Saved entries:
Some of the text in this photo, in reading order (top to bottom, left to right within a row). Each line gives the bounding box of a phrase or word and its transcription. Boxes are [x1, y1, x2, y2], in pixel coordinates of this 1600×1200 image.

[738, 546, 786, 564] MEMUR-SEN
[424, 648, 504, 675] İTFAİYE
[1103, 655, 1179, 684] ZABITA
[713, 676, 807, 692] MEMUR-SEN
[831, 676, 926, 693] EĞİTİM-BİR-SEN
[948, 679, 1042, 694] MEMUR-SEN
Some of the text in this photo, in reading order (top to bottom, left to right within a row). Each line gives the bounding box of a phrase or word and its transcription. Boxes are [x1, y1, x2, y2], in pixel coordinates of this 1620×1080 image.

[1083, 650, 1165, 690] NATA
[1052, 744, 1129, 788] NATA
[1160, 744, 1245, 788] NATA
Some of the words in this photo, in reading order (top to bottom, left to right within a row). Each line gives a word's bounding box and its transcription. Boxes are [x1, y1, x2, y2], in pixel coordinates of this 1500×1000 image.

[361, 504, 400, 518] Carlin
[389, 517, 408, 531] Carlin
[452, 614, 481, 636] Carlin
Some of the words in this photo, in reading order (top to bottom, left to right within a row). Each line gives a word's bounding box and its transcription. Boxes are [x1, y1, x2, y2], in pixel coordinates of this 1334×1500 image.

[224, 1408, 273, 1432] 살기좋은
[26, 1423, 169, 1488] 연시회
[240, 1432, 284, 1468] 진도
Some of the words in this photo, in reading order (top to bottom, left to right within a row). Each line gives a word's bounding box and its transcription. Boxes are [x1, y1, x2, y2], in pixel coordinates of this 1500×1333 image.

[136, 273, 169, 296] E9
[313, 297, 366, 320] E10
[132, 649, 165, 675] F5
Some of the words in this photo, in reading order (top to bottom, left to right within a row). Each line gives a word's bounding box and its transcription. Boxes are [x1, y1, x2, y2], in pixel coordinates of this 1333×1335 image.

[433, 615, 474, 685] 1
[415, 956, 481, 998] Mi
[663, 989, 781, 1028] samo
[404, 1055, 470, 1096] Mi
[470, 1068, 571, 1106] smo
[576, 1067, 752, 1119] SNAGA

What you will do -> Every entry must be output again, exactly as written above.

Problem solution ->
Some of the text in this photo, in reading order (top to bottom, left to right within a row). Each line gives the bounding box of a phrase or word and its transcription. Boxes are [x1, y1, x2, y2], in pixel coordinates of this 1600×1200 image.

[738, 546, 786, 564] MEMUR-SEN
[424, 648, 504, 675] İTFAİYE
[1103, 655, 1179, 684] ZABITA
[713, 676, 807, 692] MEMUR-SEN
[831, 676, 926, 693] EĞİTİM-BİR-SEN
[948, 679, 1042, 694] MEMUR-SEN
Some of the text in this photo, in reading order (top to bottom, left to right within a row). Each line gives the bounding box of a phrase or word and its transcription. Boxes are [x1, y1, x2, y2], in pixel coordinates of this 1620×1080 image.

[1083, 650, 1165, 690] NATA
[1052, 744, 1129, 788] NATA
[1160, 744, 1245, 788] NATA
Some of the words in this photo, in reading order (top to bottom, left to right within a row). Each line gives a word's bounding box and its transcription. Boxes are [x1, y1, x2, y2], in pixel coordinates of this 1500×1000 image.

[361, 504, 400, 518] Carlin
[389, 517, 408, 531] Carlin
[452, 614, 481, 636] Carlin
Some of the words in this photo, in reading order (top to bottom, left to right within a row). Each line gives a word's bounding box and its transcription. Boxes are [x1, y1, x2, y2], in pixel coordinates of this 1334×1500 image.

[224, 1408, 273, 1432] 살기좋은
[26, 1423, 169, 1488] 연시회
[240, 1432, 284, 1468] 진도
Some of the words in this photo, in reading order (top to bottom, left to right within a row). Each line gives a word's bounding box and its transcription. Boxes are [x1, y1, x2, y2], in pixel coordinates of this 1500×1333 image.

[136, 273, 169, 296] E9
[313, 297, 366, 320] E10
[132, 649, 165, 675] F5
Some of the words in this photo, in reading order (top to bottom, left to right within a row). Each line gives a word's bounding box and its transcription. Boxes are [x1, y1, x2, y2], in pixel coordinates of this 1333×1335 image.

[433, 615, 474, 685] 1
[415, 956, 481, 998] Mi
[663, 989, 781, 1028] samo
[404, 1055, 470, 1096] Mi
[470, 1068, 571, 1106] smo
[576, 1067, 752, 1119] SNAGA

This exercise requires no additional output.